With some snow coming from the North and which was forecasted to leave more snow in Switzerland, we left the Monte Rosa area and start to drive towards our next destination.
We had a short stop in Aosta before heading up towards the Grand St-Bernard tunnel.
With some last minute shopping before heading up to the more expensive Switzerland to pack up on cheese, salami and wine, we were kinda late.
We then decided to stop at what was once the Super St-Bernard parking lot. Even when the resort was open, it was a fairly popular starting point to hike towards the St-Bernard’s hospice. We hiked it a few years back and with a fairly long approach both in distance and in not-skiable vertical, we decided to head East towards the now closed ski resort.
It has been fairly windy around the pass and the snow was fairly packed.

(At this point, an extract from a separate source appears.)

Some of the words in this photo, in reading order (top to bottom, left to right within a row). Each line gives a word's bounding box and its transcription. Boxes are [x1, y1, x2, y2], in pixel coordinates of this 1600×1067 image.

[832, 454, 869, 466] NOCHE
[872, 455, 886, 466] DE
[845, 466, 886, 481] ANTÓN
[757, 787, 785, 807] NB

We had a nice lap under a bright shinning sun and by looking carefully, we were able to find some decent soft snow skiing down.
Amelie drove from France and joined us in Martigny.
With the snow supposely hitting the area during the day, we headed towards the family resort called Les Marécottes just 15 minutes of Martigny.
The snow took quite some time to arrive.
If fact, it never really showed up. The resort is really small and after skiing most of it and not finding great snow conditions, we eventually chilled out and had a look at the big air contest and some speed-riding demonstration.
The following morning, traces of snow were all the way down to Martigny. We headed back to Les Marécottes. We played hide-and-seek all day with the sun and the clouds but for most of the day, we were able to get some great turns.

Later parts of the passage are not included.